Muchinguri made the remarks during World Water Day held on March 22, 2016. This year’s theme, “Water and Jobs”, the minister said, highlighted the power that water and jobs have in transforming people’s lives.
The African Development Bank attended the event as it is a key development partner supporting Zimbabwe’s water sector.
The Bank recently approved US $33 million to improve clean water access in Bulawayo, the country’s second largest city. The Bulawayo Water and Sewerage Services Improvement Project (BWSSIP) seeks to boost municipal water supply and sanitation services, thereby contributing to improved health and social wellbeing of the population.

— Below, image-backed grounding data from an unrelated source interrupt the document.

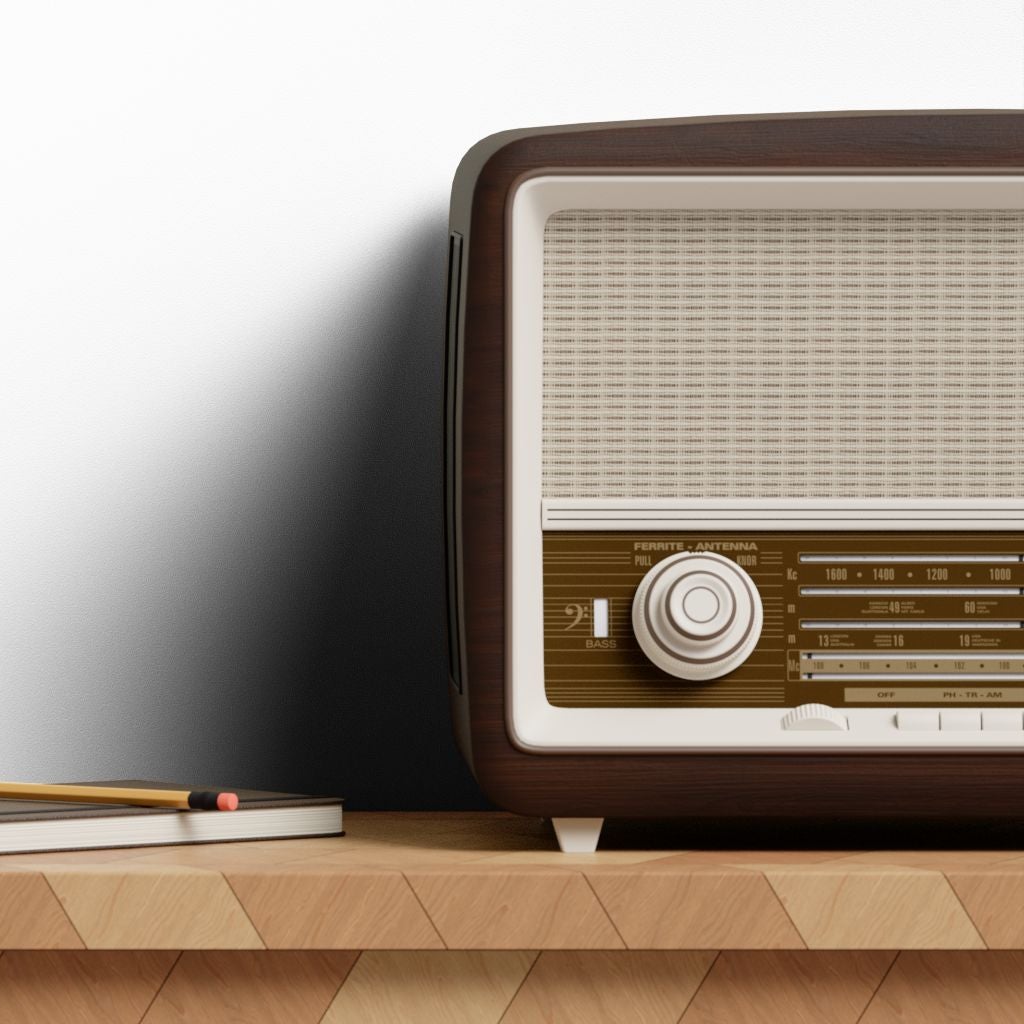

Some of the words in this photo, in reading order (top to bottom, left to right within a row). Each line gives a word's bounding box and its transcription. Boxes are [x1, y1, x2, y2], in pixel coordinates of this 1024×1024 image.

[634, 542, 684, 551] FERRITE
[696, 542, 758, 551] ANTENNA
[635, 556, 652, 566] PULL
[826, 568, 847, 580] 1600
[873, 568, 895, 580] 1400
[927, 568, 948, 580] 1200
[990, 568, 1011, 580] 1000
[965, 601, 975, 613] 60
[586, 640, 616, 648] BASS
[819, 635, 829, 647] 13
[894, 635, 904, 647] 16
[960, 635, 970, 647] 19
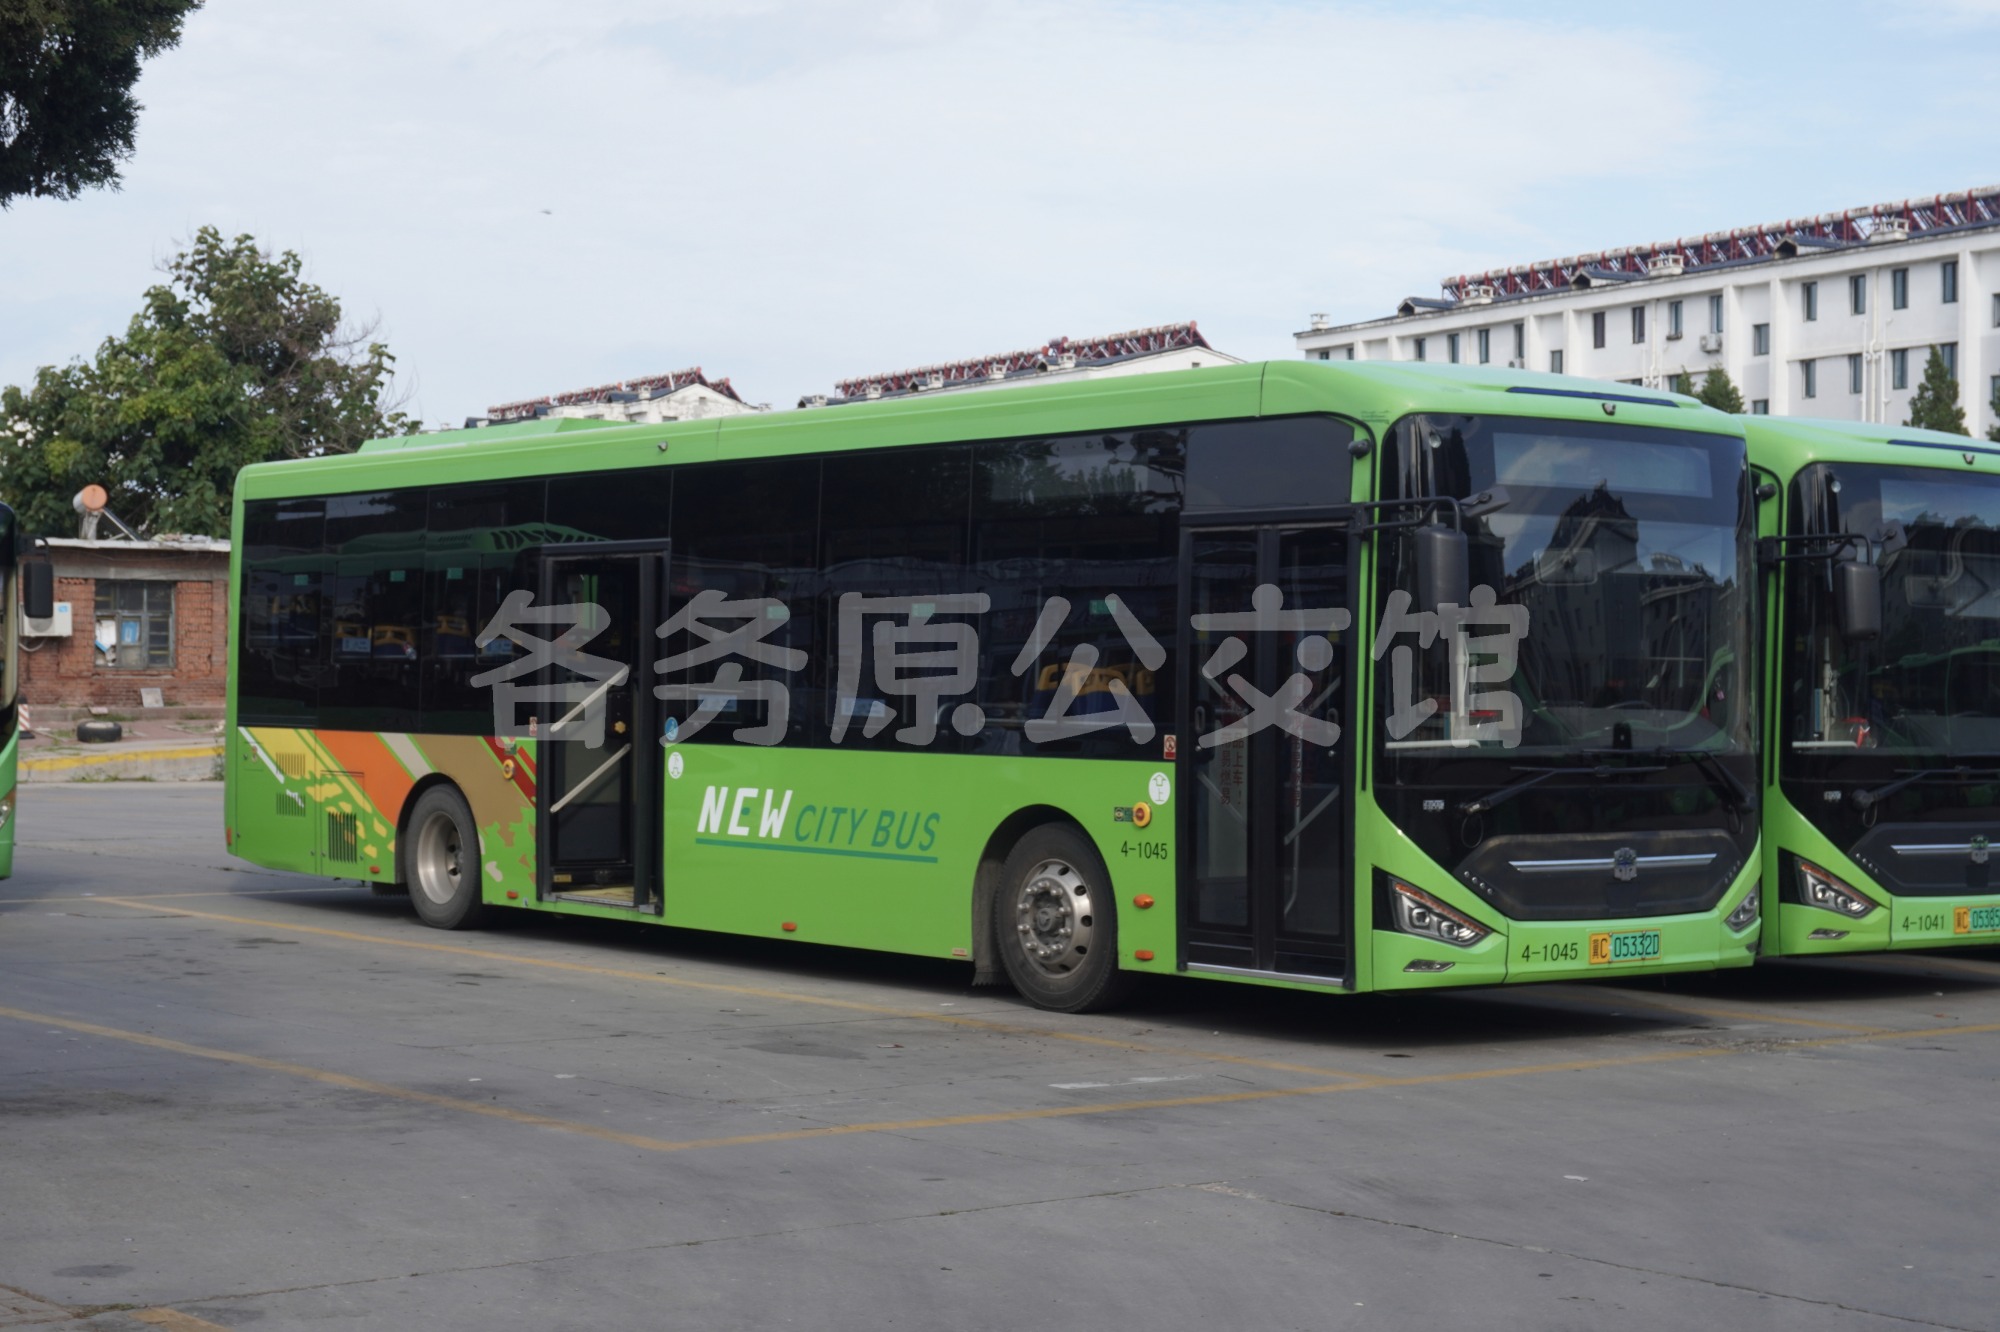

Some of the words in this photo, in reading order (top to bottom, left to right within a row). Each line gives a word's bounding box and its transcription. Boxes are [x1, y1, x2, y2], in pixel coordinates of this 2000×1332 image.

[697, 785, 793, 838] NEW
[794, 804, 868, 845] CITY
[871, 809, 941, 851] BUS
[1121, 840, 1168, 860] 4-1045
[1902, 914, 1945, 932] 4-1041
[1521, 942, 1579, 963] 4-1045

This comes at a time when ZimFund Phase I project, implemented in six cities in the country, has just been completed and Phase II projects have commenced. The ZimFund is administered by the AfDB, and its donors have to date contributed around US $145 million towards water and power projects in the country.
Zimbabwe commemorated World Water Day in the face of a severe El Nino induced drought that has seen main water levels significantly dropping below 50% in the country’s water storage reservoirs. This, experts say is a threat to food security, energy supply and livelihood. The country recently declared the situation a National Disaster, appealing to the international community for assistance of up to US $1.5 billion.
Muchinguri also pointed out that in order to reduce food production costs and thereby enhance food security, the government reduced by about 40% raw water tariffs for all farmer categories for irrigation purposes.
“I expect this reduction to trigger a surge in the demand for raw water as more and more farmers turn to irrigation agriculture to counter the negative impacts of rain fed agriculture as a result of climate change”, she said.